◆ **What to work on**
Give the entries again exactly; drop the pictures.

Supplied material section start

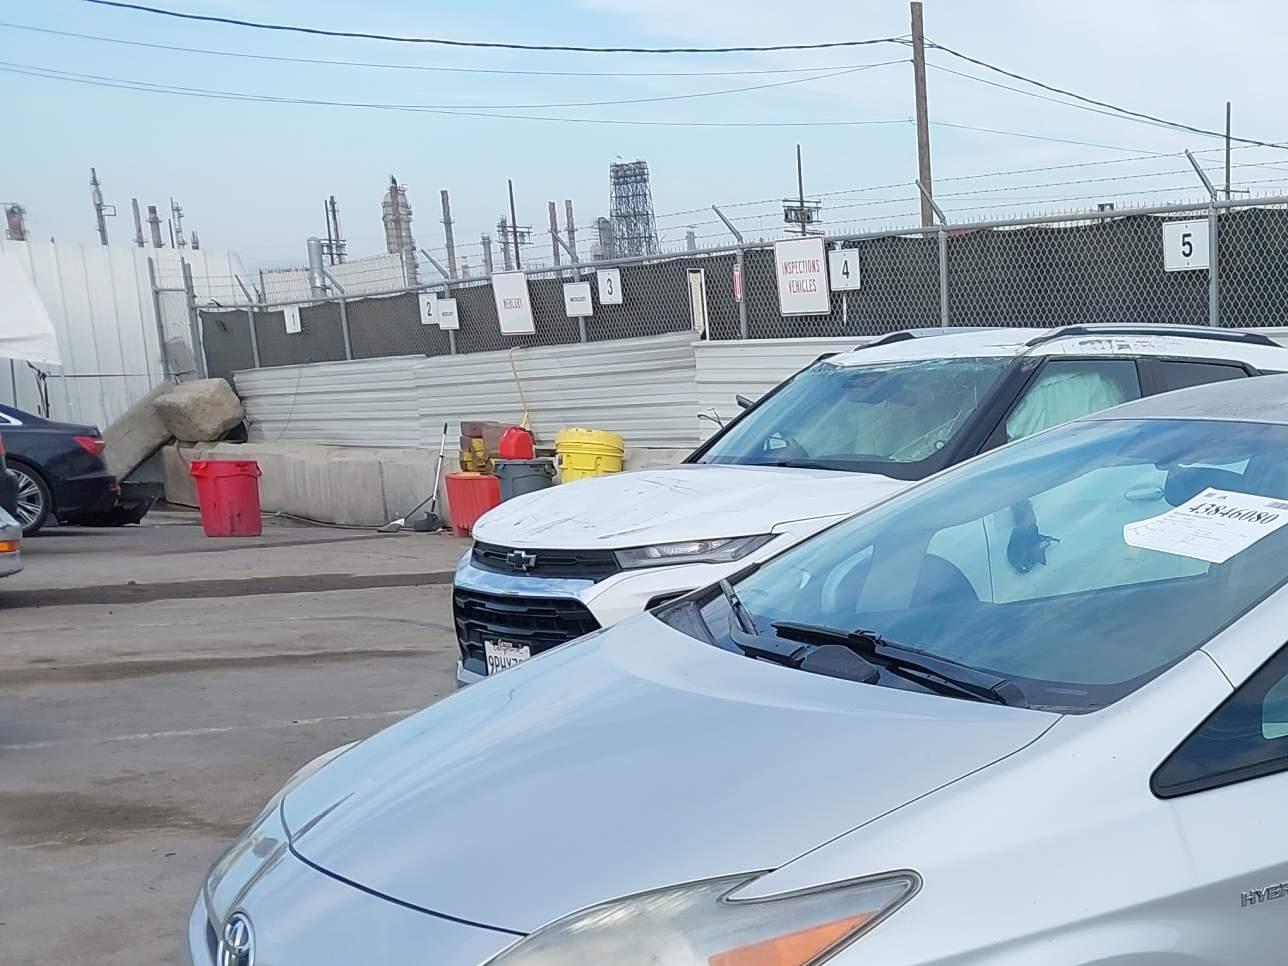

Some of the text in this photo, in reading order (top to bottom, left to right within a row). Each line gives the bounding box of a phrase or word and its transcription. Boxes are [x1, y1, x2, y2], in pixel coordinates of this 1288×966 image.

[1182, 233, 1193, 257] 5
[781, 259, 820, 276] INSPECTIONS
[842, 260, 850, 279] 4
[606, 278, 614, 296] 3
[788, 278, 817, 294] VEHICLES
[426, 301, 433, 317] 2
[291, 313, 296, 327] 1
[1187, 502, 1281, 525] 43846080
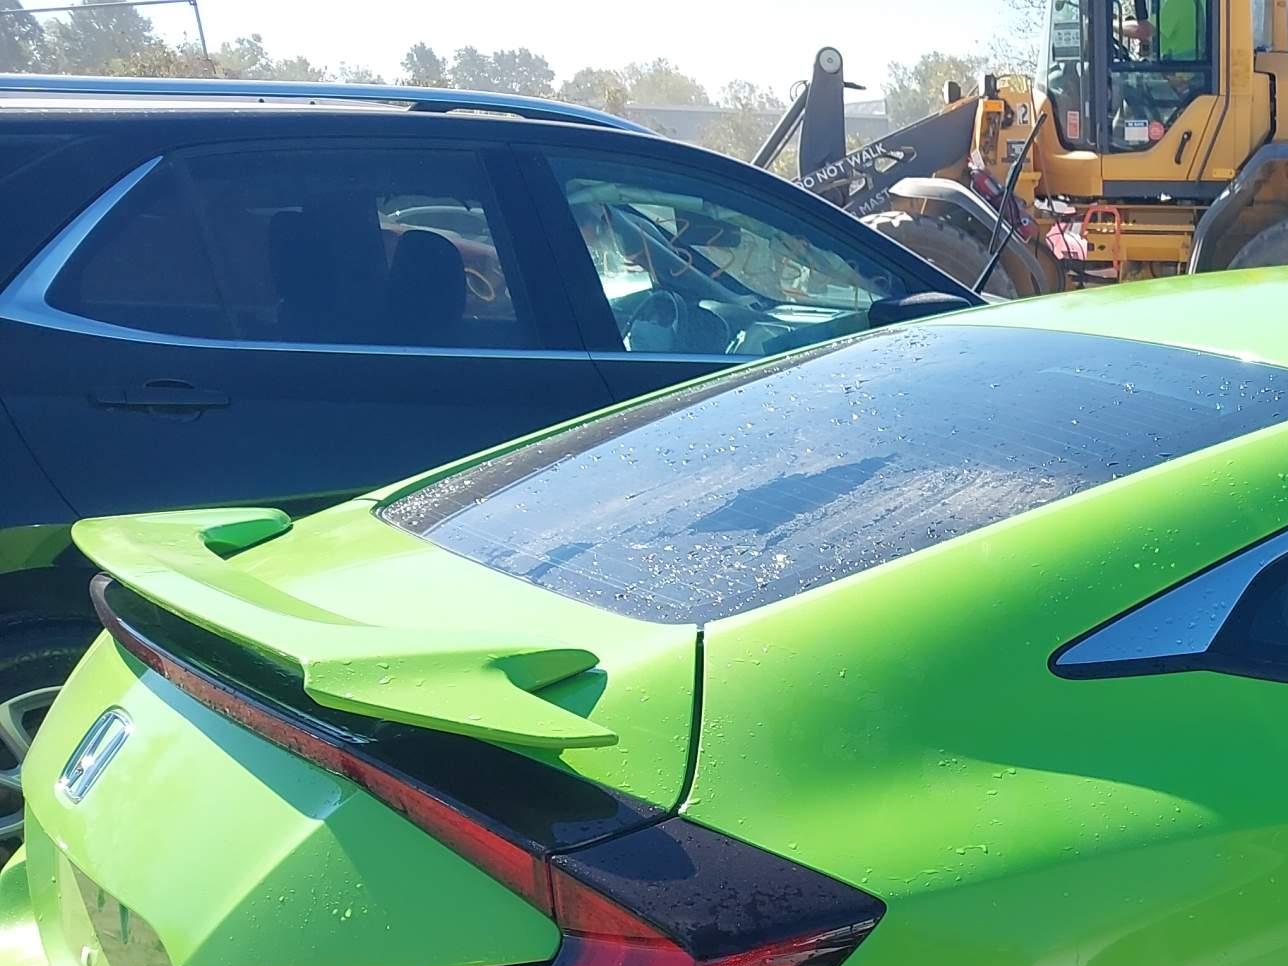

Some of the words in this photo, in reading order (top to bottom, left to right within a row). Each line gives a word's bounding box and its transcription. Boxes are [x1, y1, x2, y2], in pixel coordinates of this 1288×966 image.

[816, 162, 846, 184] NOT
[846, 143, 887, 168] WALK
[859, 187, 891, 215] MAST

Supplied material section end

◆ **Finished task**
Some of the text in this photo, in reading order (top to bottom, left to right within a row). Each line gives the bounding box of a phrase or word and its transcription. Boxes are [x1, y1, x2, y2], in pixel coordinates of this 1288×966 image.

[1182, 233, 1193, 257] 5
[781, 259, 820, 276] INSPECTIONS
[842, 260, 850, 279] 4
[606, 278, 614, 296] 3
[788, 278, 817, 294] VEHICLES
[426, 301, 433, 317] 2
[291, 313, 296, 327] 1
[1187, 502, 1281, 525] 43846080

Some of the words in this photo, in reading order (top to bottom, left to right within a row). Each line gives a word's bounding box and its transcription. Boxes are [x1, y1, x2, y2], in pixel coordinates of this 1288×966 image.

[816, 162, 846, 184] NOT
[846, 143, 887, 168] WALK
[859, 187, 891, 215] MAST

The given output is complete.